Uji Methyl Red bertujuan untuk menentukan adanya fermentasi asam
campuran. Reaksi positif atau adanya perubahan warna menjadi merah pada
menghasilkan asam campuran sebagai produk akhir adan asam yang terbentuk ini
tidak dapat dipecah lagi menjadi produk lainnya. Sedangkan reaksi yang bersifat
negatif berarti asam yang dibentuk dari hasil oksidasi glukosa oleh bakteri
terpecah lagi membentuk etanol atau acetil metil carbinol, sehingga pH medium
akan medekati basa mengakibatkan warna tidak akan menjadi merah walaupun
ditambahkan reagen Methyl Red.
Uji Voges Proskauer (VP) bertujuan untuk mendeteksi adanya acetil metil
carbinol yang diproduksi oleh bakteri tertentu dalam perbenihan VP. Adanya
bakteri tertentu yang dapat memproduksi acetil metil carbinol dapat diketahui
dengan penambahan reagen Voges Proskauer (Bonyadian, 2010).

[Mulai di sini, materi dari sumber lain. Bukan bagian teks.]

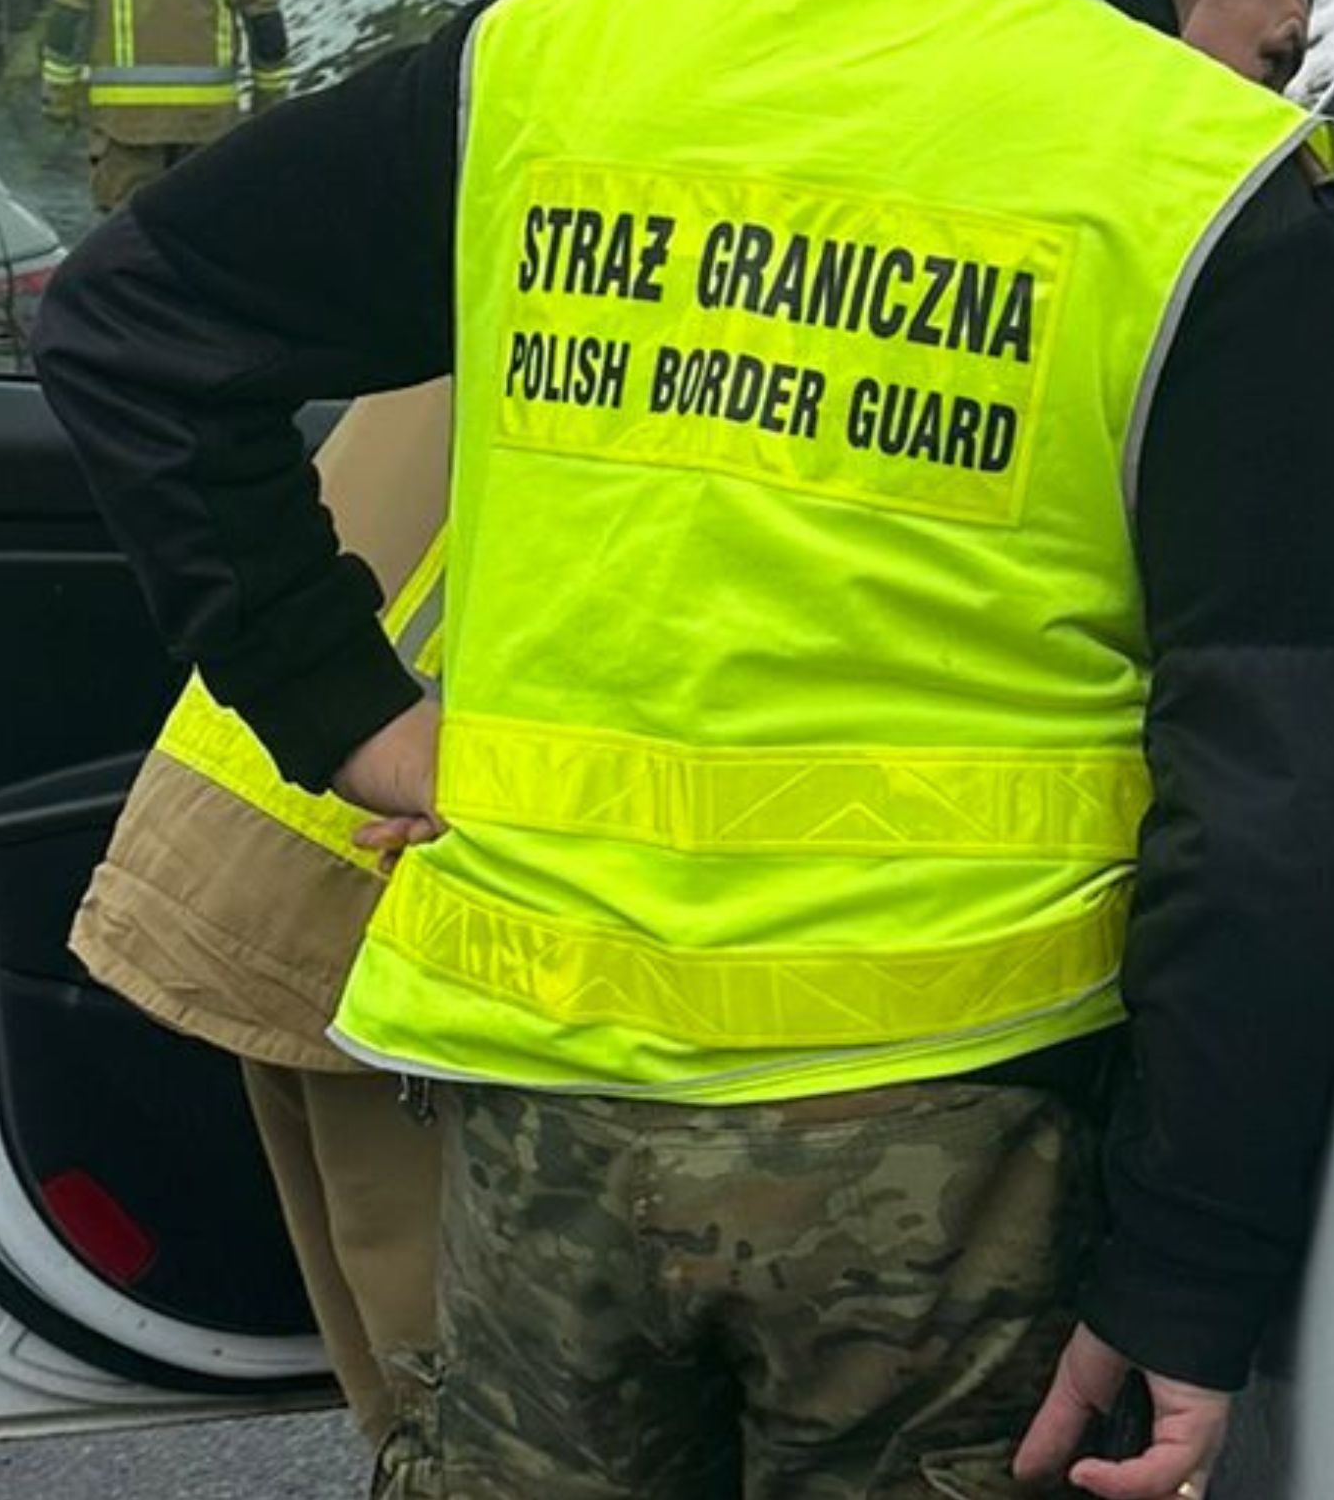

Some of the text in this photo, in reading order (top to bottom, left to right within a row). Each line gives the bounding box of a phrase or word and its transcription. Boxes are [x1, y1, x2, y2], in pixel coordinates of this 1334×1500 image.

[517, 204, 1036, 363] STRAŻ GRANICZNA
[505, 330, 1019, 475] POLISH BORDER GUARD

Uji sitrate bertujuan untuk mengetahui penggunaan sitrate sebagai sumber
karbon. Medium Simmon Sitrate Agar merupakan media sintetik dengan NA
sitrat sebagai satu-satunya sumber karbon, NH4+ sebagai sumber N dan
bromthymol Blue sebagai indikator pH. Bila morkoorganisme mampu
menggunakan sitrate, maka asam akan perlahan menghilang dari medium biakan,
sehingga menyebabkan peningkatan pH dan mengubah warna medium dari hijau
menjadi biru. Hal demikian menunjukkan bahwa mikroorganisme mampu
menggunakan sitrate sebagai satu-satunya sumber karbon. Sridhar (2006),
menyatakan bahwa Bromothymol blue digunakan sebagai indikator asam sitrate
dimetabolisme, menghasilkan karbondioksida yang menggabungkan natrium
dengan air untuk membentuk natrium karbonat yang merupakan produk alkaline
Bakteri Escherichia coli dinyatakan positif apabila uji indol dan Methyl Red
(MR) menunjukkan hasil positif (+), sedangkan uji Voges proskauer (VP) dan uji
sitrate menunjukkan reaksi negatif (-). Jika salah satu interpretasi hasil tidak
sesuai maka biakan yang diuji dinyatakan tidak mengandung bakteri Escherichia
coli.
Tabel 2. Interpretasi hasil uji biokimia bakteri Escherichia coli .
Kriteria Biotipe 1 Biotipe 2
Gas pada tabung LTB + +
Produksi indole + -
Uji MR + +
Uji VP - -
Uji Citrate - -
Uji morfologi Gram negatif, bentuk batang pendek dan tidak
berspora
Gram negatif, bentuk batang pendek dan tidak
berspora
Sumber : SNI 2332.1 : 2015
Keterangan:
LTB : (+) Keruh dan terbentuk gas dalam tabung durham.
Indol : (+) Terbentuk cincin merah pada permukaan medium.
(-) Terbentuk cincin kuning pada permukaan medium.
MR : (+) Terjadi perubahan warna medium dari kuning menjadi merah.
VP : (-) Tidak adanya perubahan warna pada medium.